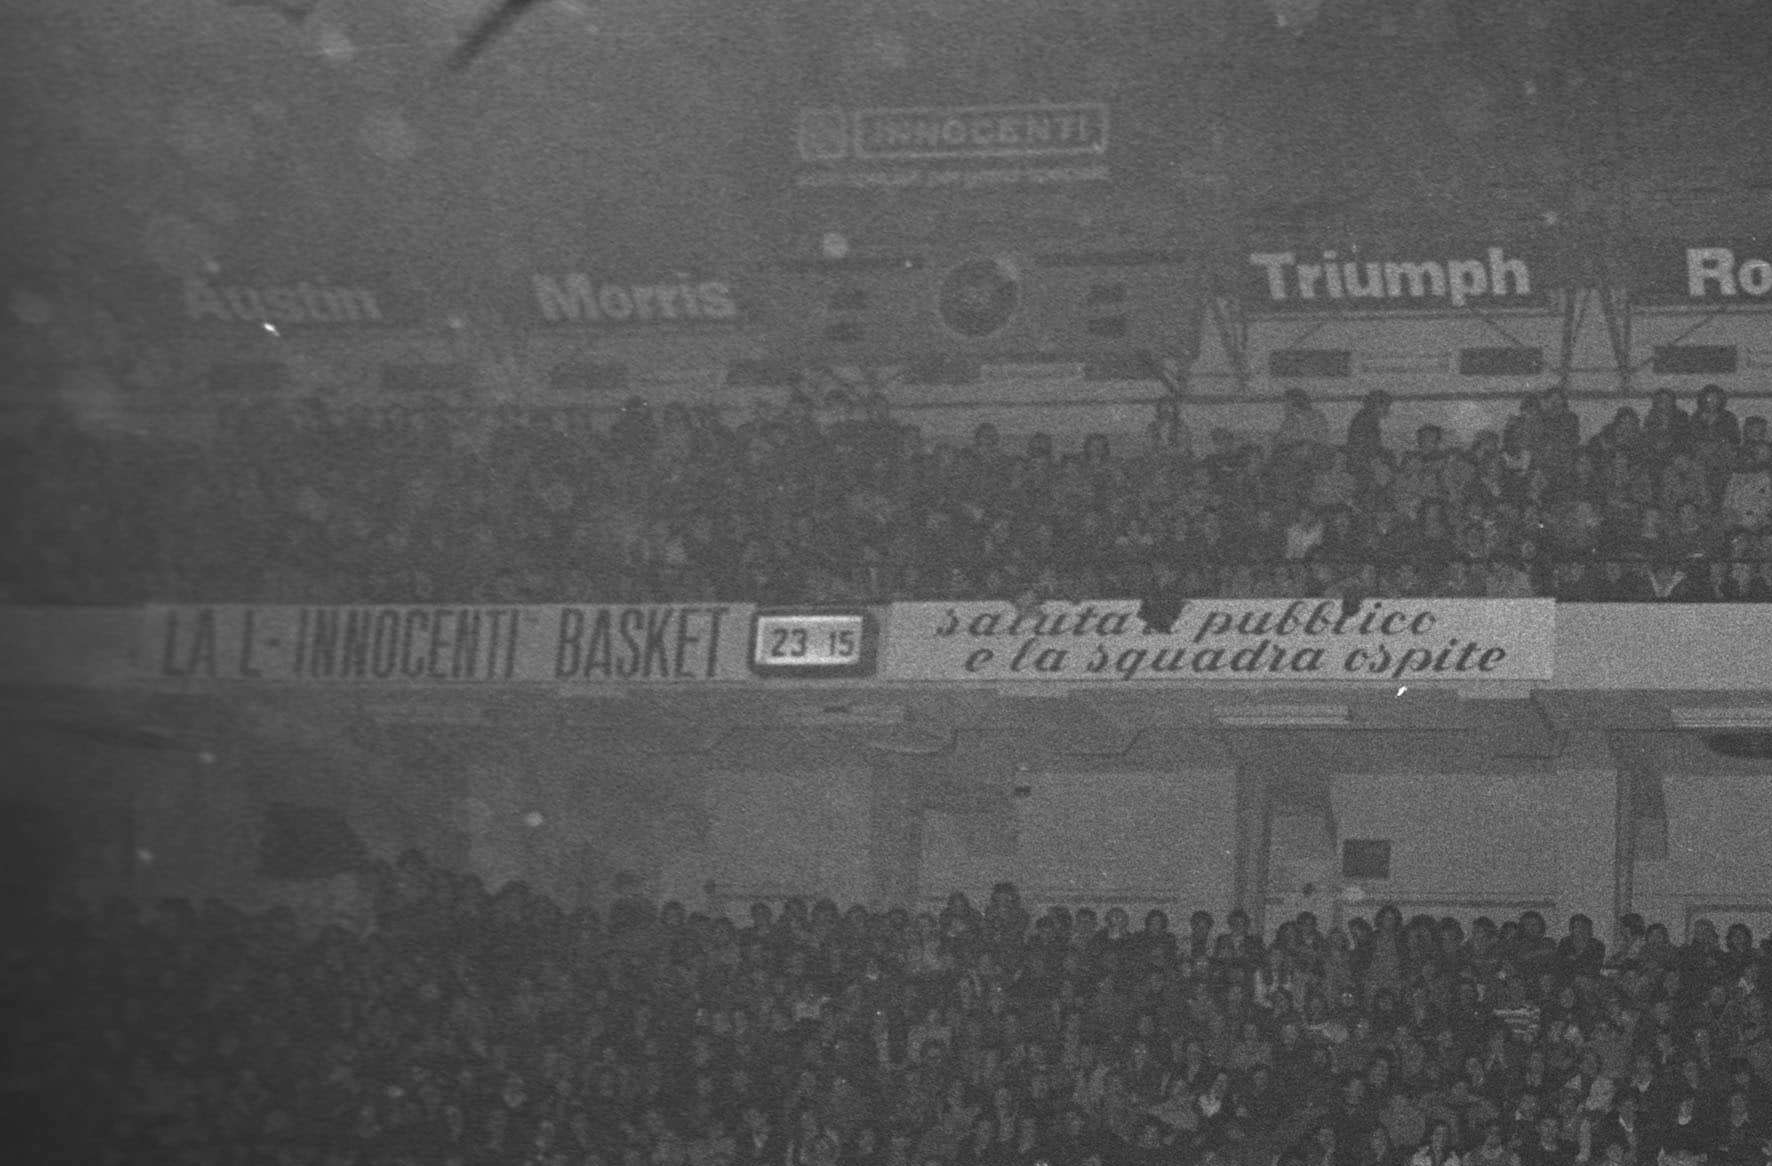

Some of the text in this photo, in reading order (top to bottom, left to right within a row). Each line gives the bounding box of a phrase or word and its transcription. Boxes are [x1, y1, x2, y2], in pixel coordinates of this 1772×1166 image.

[532, 270, 736, 320] Morris
[1250, 245, 1531, 307] Triumph
[184, 278, 382, 322] Austin
[163, 607, 215, 677] LA
[556, 606, 730, 680] BASKET
[1193, 600, 1437, 643] pubblico
[963, 636, 1507, 681] e la squadra ospite

========================================================================

__Aim of the task__
From the first line to the last, set down the data exactly, without the pictures.

__Expected output__
Some of the text in this photo, in reading order (top to bottom, left to right within a row). Each line gives the bounding box of a phrase or word and its transcription. Boxes are [x1, y1, x2, y2], in pixel coordinates of this 1772×1166 image.

[532, 270, 736, 320] Morris
[1250, 245, 1531, 307] Triumph
[184, 278, 382, 322] Austin
[163, 607, 215, 677] LA
[556, 606, 730, 680] BASKET
[1193, 600, 1437, 643] pubblico
[963, 636, 1507, 681] e la squadra ospite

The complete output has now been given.